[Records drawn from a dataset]
===
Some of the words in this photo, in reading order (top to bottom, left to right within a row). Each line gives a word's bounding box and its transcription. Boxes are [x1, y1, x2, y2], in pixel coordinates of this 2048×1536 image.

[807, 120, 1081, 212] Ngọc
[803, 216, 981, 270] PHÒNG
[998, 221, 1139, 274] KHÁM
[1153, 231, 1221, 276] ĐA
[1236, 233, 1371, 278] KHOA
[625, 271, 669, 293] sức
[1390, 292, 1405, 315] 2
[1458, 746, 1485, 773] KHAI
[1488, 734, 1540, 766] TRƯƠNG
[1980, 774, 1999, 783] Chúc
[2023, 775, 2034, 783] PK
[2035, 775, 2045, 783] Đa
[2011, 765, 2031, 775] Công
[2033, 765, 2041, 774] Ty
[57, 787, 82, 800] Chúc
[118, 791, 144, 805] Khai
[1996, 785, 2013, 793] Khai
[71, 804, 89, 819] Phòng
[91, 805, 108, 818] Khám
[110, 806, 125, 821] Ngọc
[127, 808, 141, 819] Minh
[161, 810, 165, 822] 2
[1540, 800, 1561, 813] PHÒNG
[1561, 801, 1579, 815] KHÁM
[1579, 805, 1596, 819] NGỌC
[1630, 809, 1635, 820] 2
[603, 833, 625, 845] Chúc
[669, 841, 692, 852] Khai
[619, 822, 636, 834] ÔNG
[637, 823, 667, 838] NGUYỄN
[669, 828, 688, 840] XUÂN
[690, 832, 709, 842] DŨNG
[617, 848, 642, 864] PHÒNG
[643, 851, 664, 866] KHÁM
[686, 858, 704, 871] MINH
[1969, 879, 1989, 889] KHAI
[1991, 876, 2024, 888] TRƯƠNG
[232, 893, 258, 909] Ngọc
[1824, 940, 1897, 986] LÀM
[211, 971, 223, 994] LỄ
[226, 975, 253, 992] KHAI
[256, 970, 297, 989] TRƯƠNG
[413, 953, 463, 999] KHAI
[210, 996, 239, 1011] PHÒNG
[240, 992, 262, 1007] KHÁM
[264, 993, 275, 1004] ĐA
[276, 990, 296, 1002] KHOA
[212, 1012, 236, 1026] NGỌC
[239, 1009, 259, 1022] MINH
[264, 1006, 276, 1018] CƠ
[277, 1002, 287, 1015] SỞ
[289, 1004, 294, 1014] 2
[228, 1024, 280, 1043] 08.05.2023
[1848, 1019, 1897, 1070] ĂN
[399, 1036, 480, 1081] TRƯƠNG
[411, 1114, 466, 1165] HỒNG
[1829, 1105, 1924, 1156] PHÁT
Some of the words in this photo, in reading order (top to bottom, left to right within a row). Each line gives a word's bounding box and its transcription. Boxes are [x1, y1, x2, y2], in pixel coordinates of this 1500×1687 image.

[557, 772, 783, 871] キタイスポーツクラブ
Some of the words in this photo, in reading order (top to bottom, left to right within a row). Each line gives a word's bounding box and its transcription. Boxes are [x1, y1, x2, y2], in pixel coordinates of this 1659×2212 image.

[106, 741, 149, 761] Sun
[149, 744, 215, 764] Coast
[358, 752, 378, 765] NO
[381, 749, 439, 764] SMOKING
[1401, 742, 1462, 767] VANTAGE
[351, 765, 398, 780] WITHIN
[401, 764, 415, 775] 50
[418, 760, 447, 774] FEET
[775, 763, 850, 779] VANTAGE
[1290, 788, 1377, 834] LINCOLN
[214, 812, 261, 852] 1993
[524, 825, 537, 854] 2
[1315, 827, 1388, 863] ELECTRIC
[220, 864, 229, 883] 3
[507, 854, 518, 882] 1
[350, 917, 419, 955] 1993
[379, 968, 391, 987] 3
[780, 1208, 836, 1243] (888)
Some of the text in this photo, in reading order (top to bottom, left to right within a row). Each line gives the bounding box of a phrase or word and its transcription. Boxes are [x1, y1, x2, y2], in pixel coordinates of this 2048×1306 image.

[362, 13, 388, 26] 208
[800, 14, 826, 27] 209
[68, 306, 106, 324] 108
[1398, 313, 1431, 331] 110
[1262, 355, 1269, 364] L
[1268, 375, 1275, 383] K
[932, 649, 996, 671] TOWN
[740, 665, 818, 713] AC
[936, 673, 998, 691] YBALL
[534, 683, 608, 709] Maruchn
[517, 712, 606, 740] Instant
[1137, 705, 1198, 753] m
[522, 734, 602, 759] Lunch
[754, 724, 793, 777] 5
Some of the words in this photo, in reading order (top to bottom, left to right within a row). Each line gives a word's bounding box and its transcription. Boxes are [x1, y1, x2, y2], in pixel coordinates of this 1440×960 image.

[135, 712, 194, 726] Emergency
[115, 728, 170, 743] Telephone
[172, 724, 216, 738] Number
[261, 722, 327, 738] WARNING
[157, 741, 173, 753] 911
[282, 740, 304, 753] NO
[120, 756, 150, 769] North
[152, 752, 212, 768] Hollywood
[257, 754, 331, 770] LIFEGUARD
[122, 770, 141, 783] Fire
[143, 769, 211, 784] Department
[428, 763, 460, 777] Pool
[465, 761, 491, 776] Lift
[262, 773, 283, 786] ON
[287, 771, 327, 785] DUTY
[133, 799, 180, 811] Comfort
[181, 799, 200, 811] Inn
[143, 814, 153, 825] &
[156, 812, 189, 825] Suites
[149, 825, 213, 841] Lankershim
===
→ Problem to work on:
Restate the data above word for word, please.

→ Result for this task:
Some of the words in this photo, in reading order (top to bottom, left to right within a row). Each line gives a word's bounding box and its transcription. Boxes are [x1, y1, x2, y2], in pixel coordinates of this 2048×1536 image.

[807, 120, 1081, 212] Ngọc
[803, 216, 981, 270] PHÒNG
[998, 221, 1139, 274] KHÁM
[1153, 231, 1221, 276] ĐA
[1236, 233, 1371, 278] KHOA
[625, 271, 669, 293] sức
[1390, 292, 1405, 315] 2
[1458, 746, 1485, 773] KHAI
[1488, 734, 1540, 766] TRƯƠNG
[1980, 774, 1999, 783] Chúc
[2023, 775, 2034, 783] PK
[2035, 775, 2045, 783] Đa
[2011, 765, 2031, 775] Công
[2033, 765, 2041, 774] Ty
[57, 787, 82, 800] Chúc
[118, 791, 144, 805] Khai
[1996, 785, 2013, 793] Khai
[71, 804, 89, 819] Phòng
[91, 805, 108, 818] Khám
[110, 806, 125, 821] Ngọc
[127, 808, 141, 819] Minh
[161, 810, 165, 822] 2
[1540, 800, 1561, 813] PHÒNG
[1561, 801, 1579, 815] KHÁM
[1579, 805, 1596, 819] NGỌC
[1630, 809, 1635, 820] 2
[603, 833, 625, 845] Chúc
[669, 841, 692, 852] Khai
[619, 822, 636, 834] ÔNG
[637, 823, 667, 838] NGUYỄN
[669, 828, 688, 840] XUÂN
[690, 832, 709, 842] DŨNG
[617, 848, 642, 864] PHÒNG
[643, 851, 664, 866] KHÁM
[686, 858, 704, 871] MINH
[1969, 879, 1989, 889] KHAI
[1991, 876, 2024, 888] TRƯƠNG
[232, 893, 258, 909] Ngọc
[1824, 940, 1897, 986] LÀM
[211, 971, 223, 994] LỄ
[226, 975, 253, 992] KHAI
[256, 970, 297, 989] TRƯƠNG
[413, 953, 463, 999] KHAI
[210, 996, 239, 1011] PHÒNG
[240, 992, 262, 1007] KHÁM
[264, 993, 275, 1004] ĐA
[276, 990, 296, 1002] KHOA
[212, 1012, 236, 1026] NGỌC
[239, 1009, 259, 1022] MINH
[264, 1006, 276, 1018] CƠ
[277, 1002, 287, 1015] SỞ
[289, 1004, 294, 1014] 2
[228, 1024, 280, 1043] 08.05.2023
[1848, 1019, 1897, 1070] ĂN
[399, 1036, 480, 1081] TRƯƠNG
[411, 1114, 466, 1165] HỒNG
[1829, 1105, 1924, 1156] PHÁT
Some of the words in this photo, in reading order (top to bottom, left to right within a row). Each line gives a word's bounding box and its transcription. Boxes are [x1, y1, x2, y2], in pixel coordinates of this 1500×1687 image.

[557, 772, 783, 871] キタイスポーツクラブ
Some of the words in this photo, in reading order (top to bottom, left to right within a row). Each line gives a word's bounding box and its transcription. Boxes are [x1, y1, x2, y2], in pixel coordinates of this 1659×2212 image.

[106, 741, 149, 761] Sun
[149, 744, 215, 764] Coast
[358, 752, 378, 765] NO
[381, 749, 439, 764] SMOKING
[1401, 742, 1462, 767] VANTAGE
[351, 765, 398, 780] WITHIN
[401, 764, 415, 775] 50
[418, 760, 447, 774] FEET
[775, 763, 850, 779] VANTAGE
[1290, 788, 1377, 834] LINCOLN
[214, 812, 261, 852] 1993
[524, 825, 537, 854] 2
[1315, 827, 1388, 863] ELECTRIC
[220, 864, 229, 883] 3
[507, 854, 518, 882] 1
[350, 917, 419, 955] 1993
[379, 968, 391, 987] 3
[780, 1208, 836, 1243] (888)
Some of the text in this photo, in reading order (top to bottom, left to right within a row). Each line gives the bounding box of a phrase or word and its transcription. Boxes are [x1, y1, x2, y2], in pixel coordinates of this 2048×1306 image.

[362, 13, 388, 26] 208
[800, 14, 826, 27] 209
[68, 306, 106, 324] 108
[1398, 313, 1431, 331] 110
[1262, 355, 1269, 364] L
[1268, 375, 1275, 383] K
[932, 649, 996, 671] TOWN
[740, 665, 818, 713] AC
[936, 673, 998, 691] YBALL
[534, 683, 608, 709] Maruchn
[517, 712, 606, 740] Instant
[1137, 705, 1198, 753] m
[522, 734, 602, 759] Lunch
[754, 724, 793, 777] 5
Some of the words in this photo, in reading order (top to bottom, left to right within a row). Each line gives a word's bounding box and its transcription. Boxes are [x1, y1, x2, y2], in pixel coordinates of this 1440×960 image.

[135, 712, 194, 726] Emergency
[115, 728, 170, 743] Telephone
[172, 724, 216, 738] Number
[261, 722, 327, 738] WARNING
[157, 741, 173, 753] 911
[282, 740, 304, 753] NO
[120, 756, 150, 769] North
[152, 752, 212, 768] Hollywood
[257, 754, 331, 770] LIFEGUARD
[122, 770, 141, 783] Fire
[143, 769, 211, 784] Department
[428, 763, 460, 777] Pool
[465, 761, 491, 776] Lift
[262, 773, 283, 786] ON
[287, 771, 327, 785] DUTY
[133, 799, 180, 811] Comfort
[181, 799, 200, 811] Inn
[143, 814, 153, 825] &
[156, 812, 189, 825] Suites
[149, 825, 213, 841] Lankershim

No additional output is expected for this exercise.